A kind of optical thin film, its system consists of containing drop

Thermoplastic reduction of ethylenic polymers

An optical film formed of ethylenic resin, wherein the aforementioned

The ethylenic polymer is selected from the group consisting of 100 parts by weight to 500 parts by weight of dicyclopentadiene-based monomers and their hydrogenated products relative to 100 parts by weight of tetracyclododecene-based monomers. The group formed by derivatives of alkenes, the aforementioned drop

The molecular weight distribution of the ethylenic polymer is 2.4 or less, and the aforementioned thermoplasticity decreases.

The glass transition temperature Tg of the ethylenic resin satisfies the following formula (1).

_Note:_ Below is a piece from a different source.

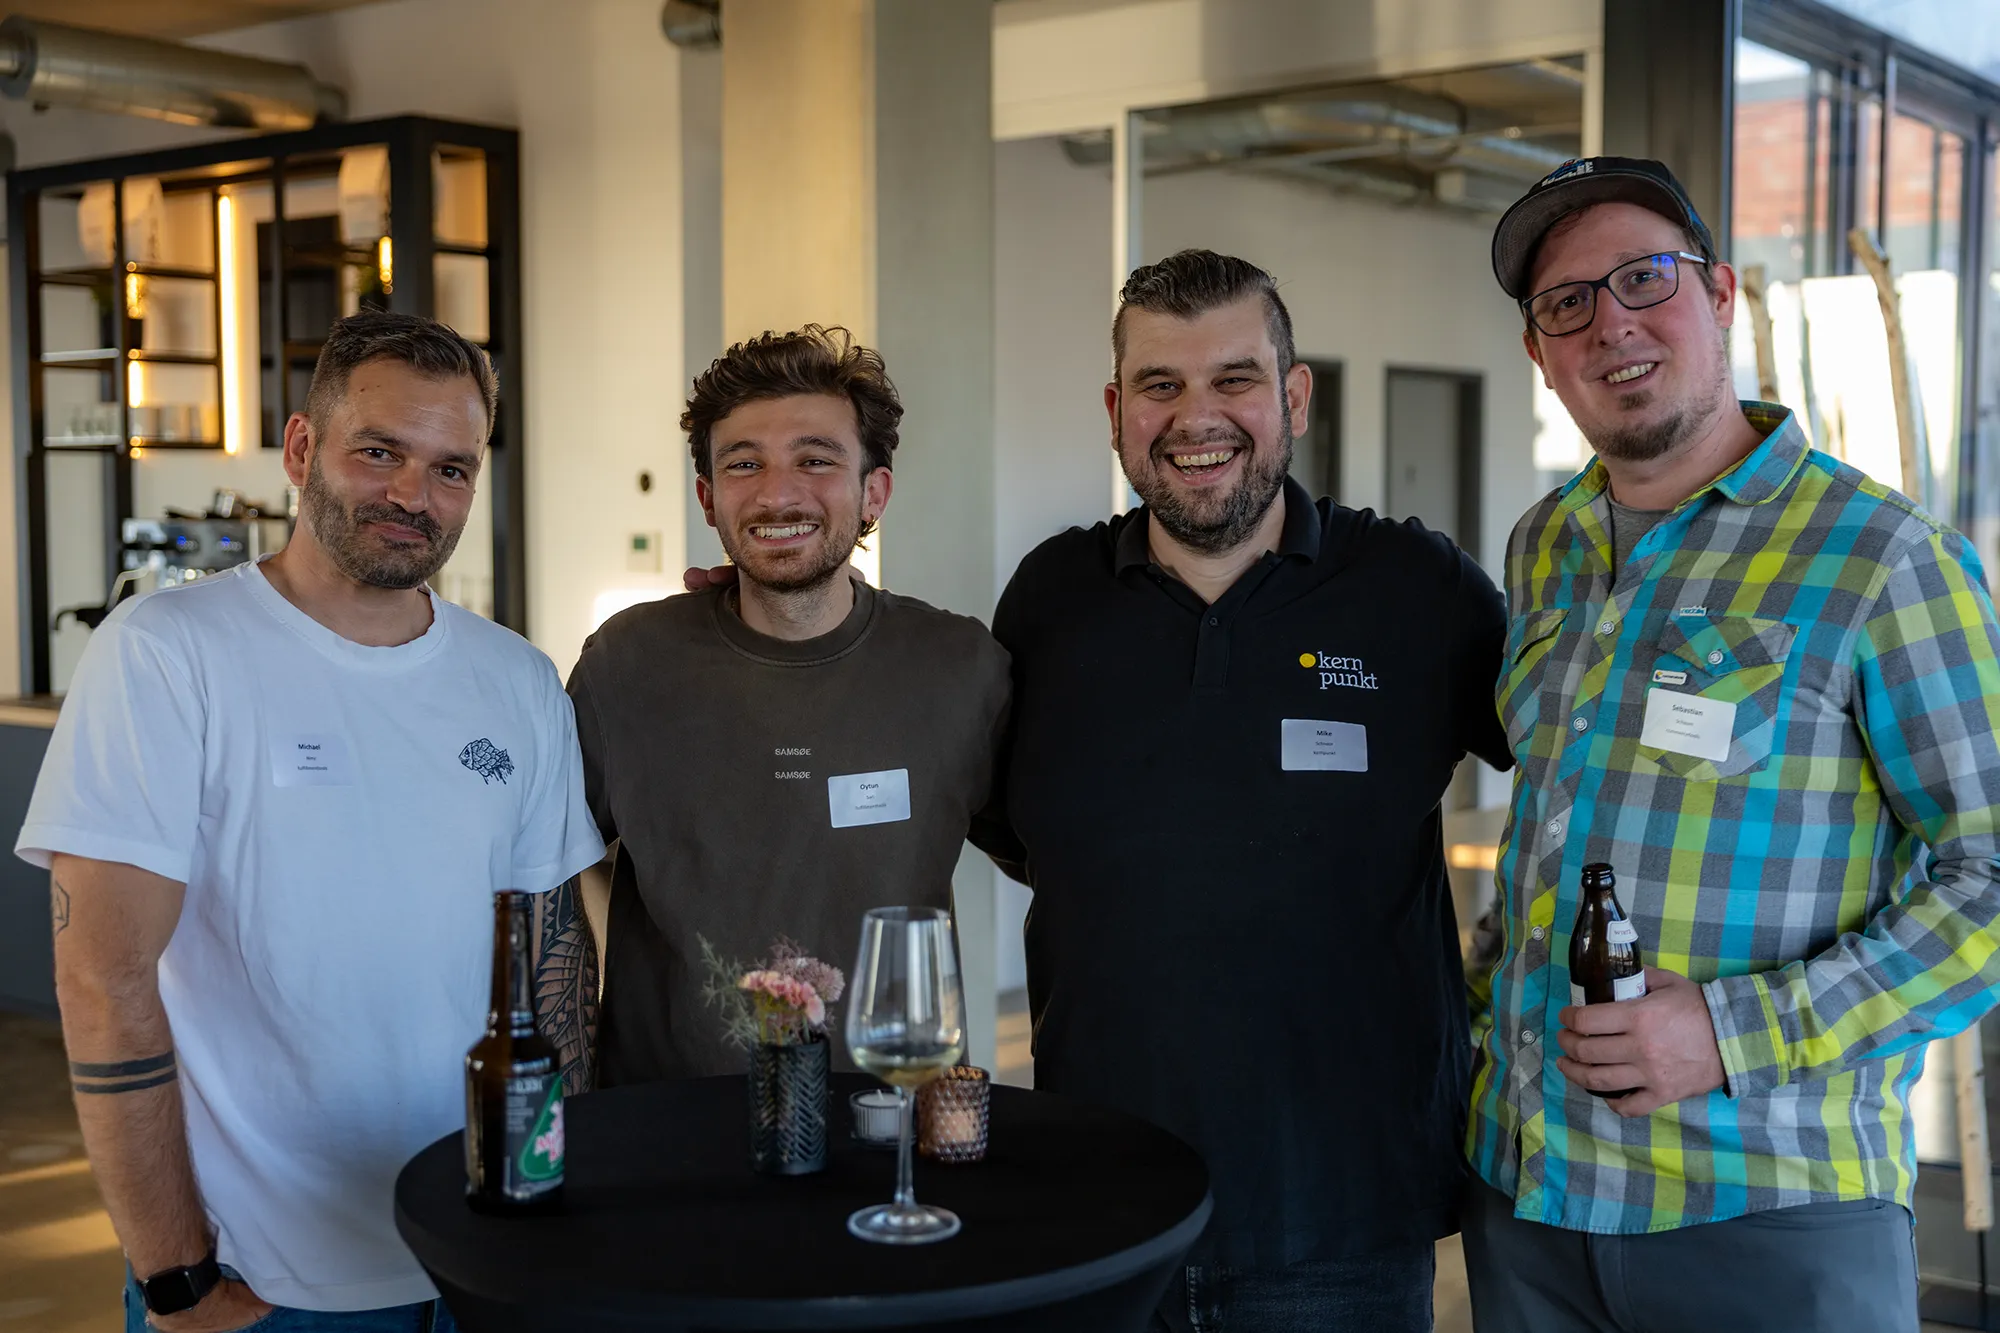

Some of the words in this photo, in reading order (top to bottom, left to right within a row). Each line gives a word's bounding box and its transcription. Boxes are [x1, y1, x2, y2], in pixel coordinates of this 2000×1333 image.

The birefringence △ _{n R} exhibited by vinyl resin under the condition of Tg+15°C and 1 minute uniaxial extension to 1.5 times satisfies the following formula (2), and the retardation Rth in the thickness direction of the aforementioned optical film and the thickness d of the aforementioned optical film satisfy the following formula (3): (1) Tg≧110°C, (2) 0.0050≧△n _R ≧0.0025, (3) Rth/d≧3.5×10 ^-3 . The optical film according to claim 1, wherein the photoelastic coefficient of the optical film is 8 or less Brewster. The optical film according to claim 1, wherein the in-plane retardation Re of the optical film is not less than 40 nm and not more than 80 nm. A method for manufacturing an optical film, which is the method for manufacturing an optical film as described in any one of Claims 1 to 3, comprising reducing the aforementioned thermoplasticity

Vinyl resins are molded by extrusion or solution casting. An optical stack comprising the optical film and a polarizing plate according to any one of Claims 1 to 3. A liquid crystal display device comprising the optical stack as described in Claim 5.